Specialized courts are starting up in major counties to identify military veterans who show signs of post-traumatic stress disorder or head injuries that could have sparked their crimes. Harris and Tarrant counties already have such programs, and Bexar, Travis and El Paso counties are joining in.
"The veterans have unique problems that come from their service not only in Iraq and Afghanistan, there's still some from Vietnam," said state District Judge Mike Snipes, who aims to hold the first Dallas veterans docket in April.
The courts, fashioned after drug courts, will be run by certain judges in each county. They will oversee the cases of veterans in which treatment and therapy can replace jail time and probation, and veterans can address their problems without compiling a criminal record.
"We're seeing more and more examples of people coming out of there with post-traumatic stress disorder, unique mental difficulties that have to do with combat-related issues," Snipes said Tuesday. He was in Austin for a forum on the special courts, which included information from other states that have already started such programs.
In 2008, Texas' prison system reported that 4,500 offenders entering the state's prisons had served in the military. That's about 6 percent of all new prison inmates.
The Legislature authorized counties last year to start the specialized dockets in existing courts, but didn't provide money for them. And so counties and interested judges have been scrounging for seed money.
Texas' first specialized court docket was held four months ago in Harris County. In one of the first cases heard, a man arrested for evading arrest after a minor traffic accident told the judge that he saw police lights and panicked.
The incident happened two years after he'd returned from patrol duty in Iraq. He was diagnosed with post-traumatic stress disorder, and he had no prior criminal record.
Houston state District Judge Marc Carter said he has heard 20 such cases since he began holding hearings for veterans – many of them dealing with addiction, which is how some have tried to cope with the stress.

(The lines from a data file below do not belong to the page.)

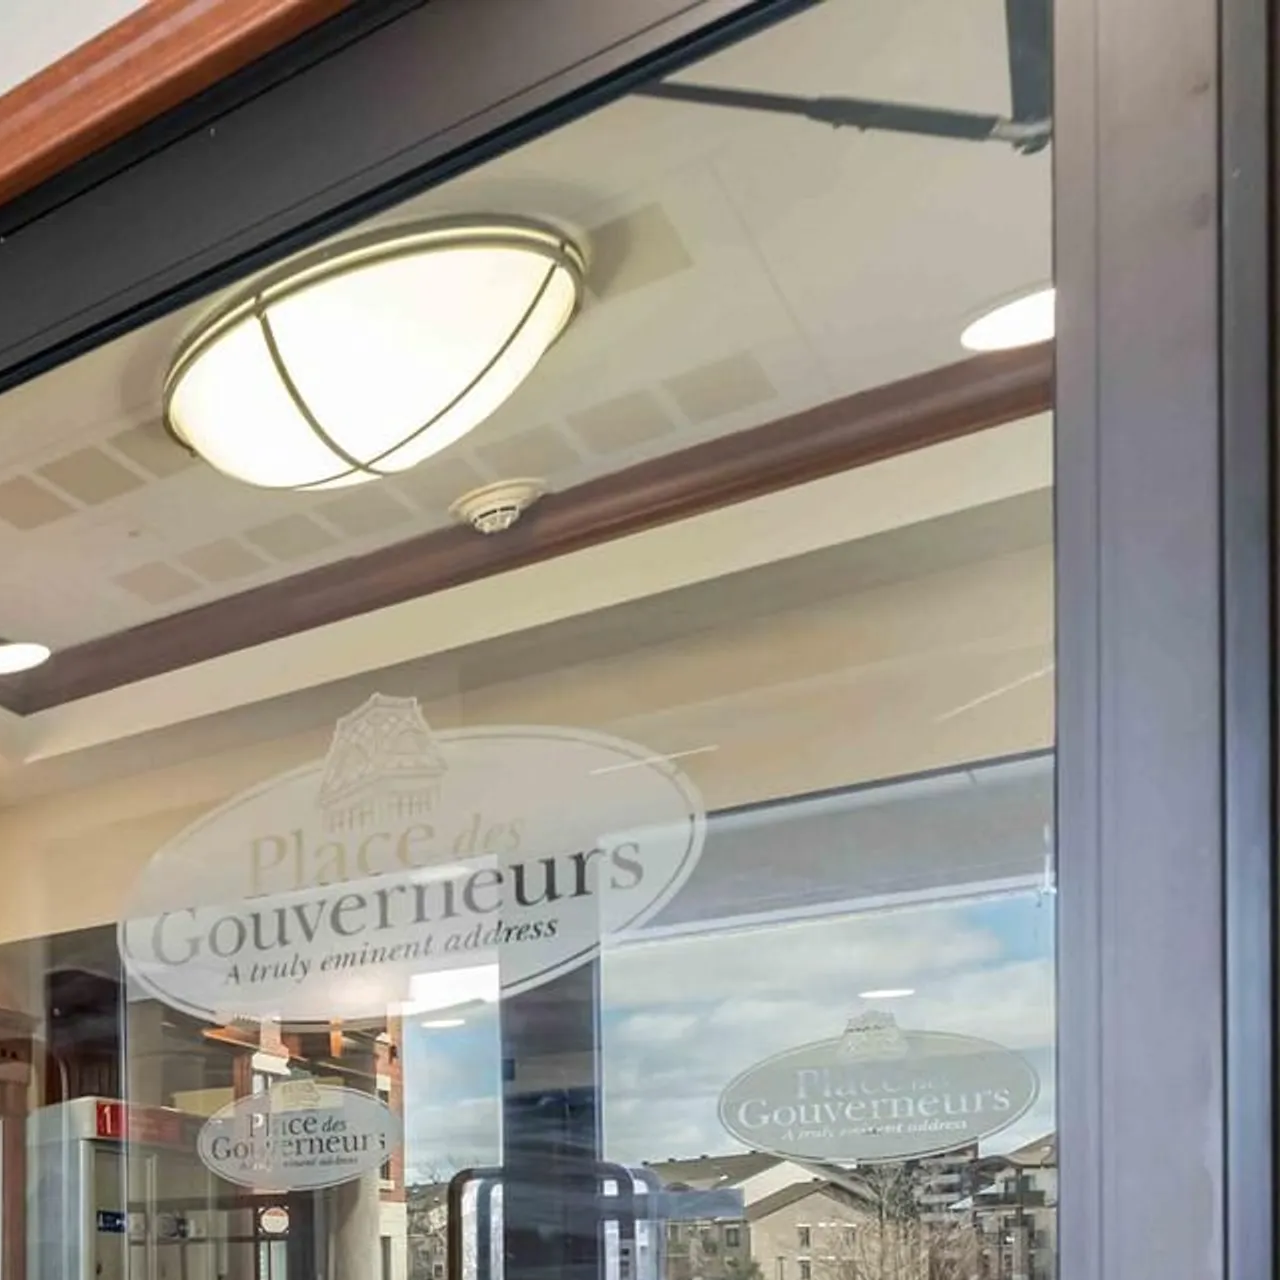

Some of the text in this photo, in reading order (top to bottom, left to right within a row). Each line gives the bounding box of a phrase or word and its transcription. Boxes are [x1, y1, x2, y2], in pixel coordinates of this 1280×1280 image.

[244, 812, 526, 899] Place des
[151, 841, 646, 967] Gouverneurs
[248, 952, 311, 984] truly
[319, 936, 434, 973] eminent
[444, 914, 559, 952] address
[738, 1088, 1011, 1130] Gouverneurs
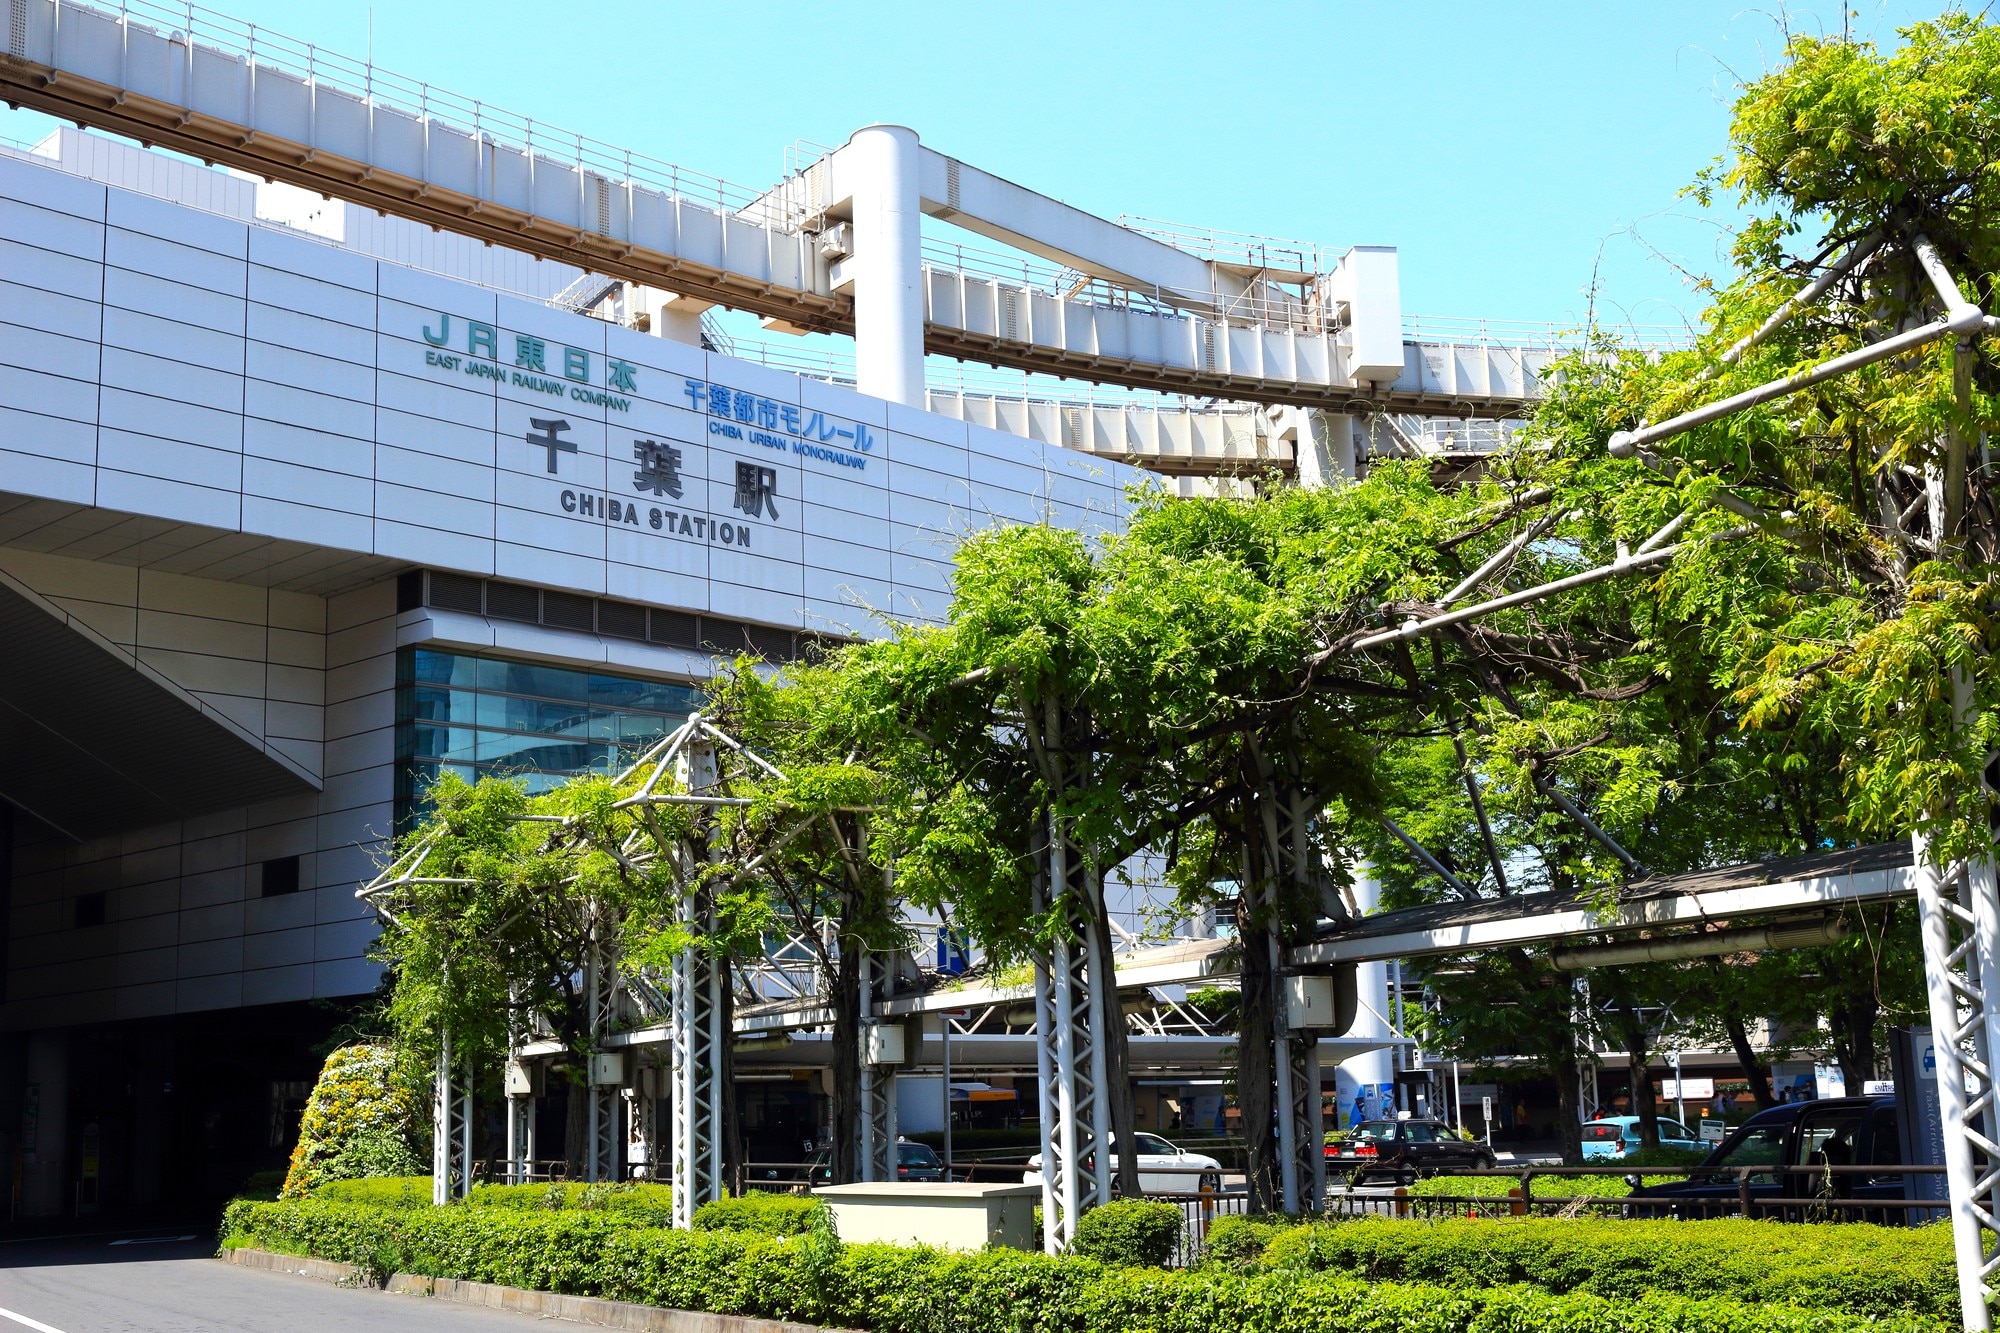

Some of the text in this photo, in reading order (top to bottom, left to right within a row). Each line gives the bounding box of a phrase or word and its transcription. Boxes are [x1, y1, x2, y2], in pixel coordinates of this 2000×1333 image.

[422, 314, 637, 392] JR東日本
[425, 351, 631, 412] EAST JAPAN RAILWAY COMPANY
[684, 380, 874, 451] 千葉都市モノレール
[709, 421, 867, 470] CHIBA URBAN MONORAILWAY
[526, 417, 779, 521] 千葉駅
[560, 489, 750, 548] CHIBA STATION

Veterans courts are essentially similar to mental health courts that (in theory, at least) use evidence-based strong probation methods, except with a more exclusive list of eligible participants. They're well-intentioned but also new and unproven. Veterans are underrepresented among offenders and it's unclear that their common background has any particular criminogenic relevance that would justify segmenting them out as a class. These specialty courts are an experiment, though, that quite a few Texas jurisdictions have now embraced, so we'll find out over the next few years one way or another how well they work.